* _Entries supplied_
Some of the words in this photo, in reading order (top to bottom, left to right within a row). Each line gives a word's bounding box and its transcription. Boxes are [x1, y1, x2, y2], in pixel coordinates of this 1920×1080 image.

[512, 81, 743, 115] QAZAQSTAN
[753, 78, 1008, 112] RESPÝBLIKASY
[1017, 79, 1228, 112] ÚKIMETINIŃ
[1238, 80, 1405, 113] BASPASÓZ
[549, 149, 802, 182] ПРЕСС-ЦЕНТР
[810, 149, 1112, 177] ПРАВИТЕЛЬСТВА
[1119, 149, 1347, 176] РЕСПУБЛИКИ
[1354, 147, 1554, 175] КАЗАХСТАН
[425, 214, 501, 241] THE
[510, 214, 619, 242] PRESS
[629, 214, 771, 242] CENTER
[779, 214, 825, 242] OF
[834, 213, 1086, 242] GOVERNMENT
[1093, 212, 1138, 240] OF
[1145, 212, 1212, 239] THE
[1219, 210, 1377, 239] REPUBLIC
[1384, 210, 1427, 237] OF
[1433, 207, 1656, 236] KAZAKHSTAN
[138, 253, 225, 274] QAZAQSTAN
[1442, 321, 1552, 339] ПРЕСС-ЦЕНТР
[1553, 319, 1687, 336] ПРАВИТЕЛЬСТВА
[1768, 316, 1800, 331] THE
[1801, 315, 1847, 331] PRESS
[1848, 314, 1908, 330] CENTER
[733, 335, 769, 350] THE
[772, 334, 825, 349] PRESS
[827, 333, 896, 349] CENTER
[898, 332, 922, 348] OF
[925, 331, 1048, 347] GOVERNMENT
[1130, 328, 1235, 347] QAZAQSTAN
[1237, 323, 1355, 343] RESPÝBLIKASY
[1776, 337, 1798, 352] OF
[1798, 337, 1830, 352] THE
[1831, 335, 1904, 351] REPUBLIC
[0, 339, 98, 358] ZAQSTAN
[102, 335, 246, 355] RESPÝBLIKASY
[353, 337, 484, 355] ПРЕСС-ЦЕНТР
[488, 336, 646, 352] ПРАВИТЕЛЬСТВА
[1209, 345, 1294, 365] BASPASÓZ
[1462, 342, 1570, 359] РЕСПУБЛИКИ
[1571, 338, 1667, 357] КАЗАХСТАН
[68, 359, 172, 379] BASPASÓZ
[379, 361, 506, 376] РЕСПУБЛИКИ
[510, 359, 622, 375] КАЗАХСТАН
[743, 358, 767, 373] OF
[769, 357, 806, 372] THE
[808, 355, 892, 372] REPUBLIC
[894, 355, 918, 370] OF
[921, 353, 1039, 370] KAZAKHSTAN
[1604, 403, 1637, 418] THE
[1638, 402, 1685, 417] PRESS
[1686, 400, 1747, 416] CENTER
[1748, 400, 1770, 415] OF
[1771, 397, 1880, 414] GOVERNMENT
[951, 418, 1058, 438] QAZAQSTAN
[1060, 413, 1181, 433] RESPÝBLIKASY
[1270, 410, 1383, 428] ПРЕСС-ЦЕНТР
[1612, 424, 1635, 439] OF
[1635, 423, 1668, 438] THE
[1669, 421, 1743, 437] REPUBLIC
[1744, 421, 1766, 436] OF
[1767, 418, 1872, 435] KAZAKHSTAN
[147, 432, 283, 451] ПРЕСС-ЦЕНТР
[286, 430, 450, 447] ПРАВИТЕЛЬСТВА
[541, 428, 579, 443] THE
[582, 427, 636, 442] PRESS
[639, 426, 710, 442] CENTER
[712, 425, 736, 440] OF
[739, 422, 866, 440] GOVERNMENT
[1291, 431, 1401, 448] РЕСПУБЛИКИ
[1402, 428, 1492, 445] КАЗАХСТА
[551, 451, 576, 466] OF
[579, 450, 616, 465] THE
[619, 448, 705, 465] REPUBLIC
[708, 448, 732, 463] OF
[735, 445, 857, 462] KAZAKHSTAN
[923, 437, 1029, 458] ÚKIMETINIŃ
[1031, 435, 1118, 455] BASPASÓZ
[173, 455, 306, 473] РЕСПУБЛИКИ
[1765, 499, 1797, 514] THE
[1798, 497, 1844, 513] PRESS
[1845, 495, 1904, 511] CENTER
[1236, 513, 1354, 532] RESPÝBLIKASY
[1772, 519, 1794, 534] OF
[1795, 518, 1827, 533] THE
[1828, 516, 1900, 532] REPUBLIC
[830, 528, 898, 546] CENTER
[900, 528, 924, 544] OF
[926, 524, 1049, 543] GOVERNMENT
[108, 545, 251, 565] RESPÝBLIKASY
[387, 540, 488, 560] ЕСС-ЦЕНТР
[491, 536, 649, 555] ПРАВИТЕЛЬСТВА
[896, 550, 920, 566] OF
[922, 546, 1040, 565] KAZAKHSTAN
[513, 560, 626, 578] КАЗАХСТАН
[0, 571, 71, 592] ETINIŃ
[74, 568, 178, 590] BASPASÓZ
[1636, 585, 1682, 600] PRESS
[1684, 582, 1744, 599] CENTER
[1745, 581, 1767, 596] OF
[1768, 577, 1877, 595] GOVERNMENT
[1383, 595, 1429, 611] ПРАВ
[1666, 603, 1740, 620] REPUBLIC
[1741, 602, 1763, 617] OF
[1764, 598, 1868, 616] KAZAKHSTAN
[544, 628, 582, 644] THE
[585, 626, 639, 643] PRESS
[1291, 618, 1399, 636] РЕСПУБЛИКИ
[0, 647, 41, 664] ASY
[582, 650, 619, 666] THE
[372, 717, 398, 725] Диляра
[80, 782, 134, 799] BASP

* _Exercise directions_
Every line above must be repeated exactly as it appears.

* _Exercise answer_
Some of the words in this photo, in reading order (top to bottom, left to right within a row). Each line gives a word's bounding box and its transcription. Boxes are [x1, y1, x2, y2], in pixel coordinates of this 1920×1080 image.

[512, 81, 743, 115] QAZAQSTAN
[753, 78, 1008, 112] RESPÝBLIKASY
[1017, 79, 1228, 112] ÚKIMETINIŃ
[1238, 80, 1405, 113] BASPASÓZ
[549, 149, 802, 182] ПРЕСС-ЦЕНТР
[810, 149, 1112, 177] ПРАВИТЕЛЬСТВА
[1119, 149, 1347, 176] РЕСПУБЛИКИ
[1354, 147, 1554, 175] КАЗАХСТАН
[425, 214, 501, 241] THE
[510, 214, 619, 242] PRESS
[629, 214, 771, 242] CENTER
[779, 214, 825, 242] OF
[834, 213, 1086, 242] GOVERNMENT
[1093, 212, 1138, 240] OF
[1145, 212, 1212, 239] THE
[1219, 210, 1377, 239] REPUBLIC
[1384, 210, 1427, 237] OF
[1433, 207, 1656, 236] KAZAKHSTAN
[138, 253, 225, 274] QAZAQSTAN
[1442, 321, 1552, 339] ПРЕСС-ЦЕНТР
[1553, 319, 1687, 336] ПРАВИТЕЛЬСТВА
[1768, 316, 1800, 331] THE
[1801, 315, 1847, 331] PRESS
[1848, 314, 1908, 330] CENTER
[733, 335, 769, 350] THE
[772, 334, 825, 349] PRESS
[827, 333, 896, 349] CENTER
[898, 332, 922, 348] OF
[925, 331, 1048, 347] GOVERNMENT
[1130, 328, 1235, 347] QAZAQSTAN
[1237, 323, 1355, 343] RESPÝBLIKASY
[1776, 337, 1798, 352] OF
[1798, 337, 1830, 352] THE
[1831, 335, 1904, 351] REPUBLIC
[0, 339, 98, 358] ZAQSTAN
[102, 335, 246, 355] RESPÝBLIKASY
[353, 337, 484, 355] ПРЕСС-ЦЕНТР
[488, 336, 646, 352] ПРАВИТЕЛЬСТВА
[1209, 345, 1294, 365] BASPASÓZ
[1462, 342, 1570, 359] РЕСПУБЛИКИ
[1571, 338, 1667, 357] КАЗАХСТАН
[68, 359, 172, 379] BASPASÓZ
[379, 361, 506, 376] РЕСПУБЛИКИ
[510, 359, 622, 375] КАЗАХСТАН
[743, 358, 767, 373] OF
[769, 357, 806, 372] THE
[808, 355, 892, 372] REPUBLIC
[894, 355, 918, 370] OF
[921, 353, 1039, 370] KAZAKHSTAN
[1604, 403, 1637, 418] THE
[1638, 402, 1685, 417] PRESS
[1686, 400, 1747, 416] CENTER
[1748, 400, 1770, 415] OF
[1771, 397, 1880, 414] GOVERNMENT
[951, 418, 1058, 438] QAZAQSTAN
[1060, 413, 1181, 433] RESPÝBLIKASY
[1270, 410, 1383, 428] ПРЕСС-ЦЕНТР
[1612, 424, 1635, 439] OF
[1635, 423, 1668, 438] THE
[1669, 421, 1743, 437] REPUBLIC
[1744, 421, 1766, 436] OF
[1767, 418, 1872, 435] KAZAKHSTAN
[147, 432, 283, 451] ПРЕСС-ЦЕНТР
[286, 430, 450, 447] ПРАВИТЕЛЬСТВА
[541, 428, 579, 443] THE
[582, 427, 636, 442] PRESS
[639, 426, 710, 442] CENTER
[712, 425, 736, 440] OF
[739, 422, 866, 440] GOVERNMENT
[1291, 431, 1401, 448] РЕСПУБЛИКИ
[1402, 428, 1492, 445] КАЗАХСТА
[551, 451, 576, 466] OF
[579, 450, 616, 465] THE
[619, 448, 705, 465] REPUBLIC
[708, 448, 732, 463] OF
[735, 445, 857, 462] KAZAKHSTAN
[923, 437, 1029, 458] ÚKIMETINIŃ
[1031, 435, 1118, 455] BASPASÓZ
[173, 455, 306, 473] РЕСПУБЛИКИ
[1765, 499, 1797, 514] THE
[1798, 497, 1844, 513] PRESS
[1845, 495, 1904, 511] CENTER
[1236, 513, 1354, 532] RESPÝBLIKASY
[1772, 519, 1794, 534] OF
[1795, 518, 1827, 533] THE
[1828, 516, 1900, 532] REPUBLIC
[830, 528, 898, 546] CENTER
[900, 528, 924, 544] OF
[926, 524, 1049, 543] GOVERNMENT
[108, 545, 251, 565] RESPÝBLIKASY
[387, 540, 488, 560] ЕСС-ЦЕНТР
[491, 536, 649, 555] ПРАВИТЕЛЬСТВА
[896, 550, 920, 566] OF
[922, 546, 1040, 565] KAZAKHSTAN
[513, 560, 626, 578] КАЗАХСТАН
[0, 571, 71, 592] ETINIŃ
[74, 568, 178, 590] BASPASÓZ
[1636, 585, 1682, 600] PRESS
[1684, 582, 1744, 599] CENTER
[1745, 581, 1767, 596] OF
[1768, 577, 1877, 595] GOVERNMENT
[1383, 595, 1429, 611] ПРАВ
[1666, 603, 1740, 620] REPUBLIC
[1741, 602, 1763, 617] OF
[1764, 598, 1868, 616] KAZAKHSTAN
[544, 628, 582, 644] THE
[585, 626, 639, 643] PRESS
[1291, 618, 1399, 636] РЕСПУБЛИКИ
[0, 647, 41, 664] ASY
[582, 650, 619, 666] THE
[372, 717, 398, 725] Диляра
[80, 782, 134, 799] BASP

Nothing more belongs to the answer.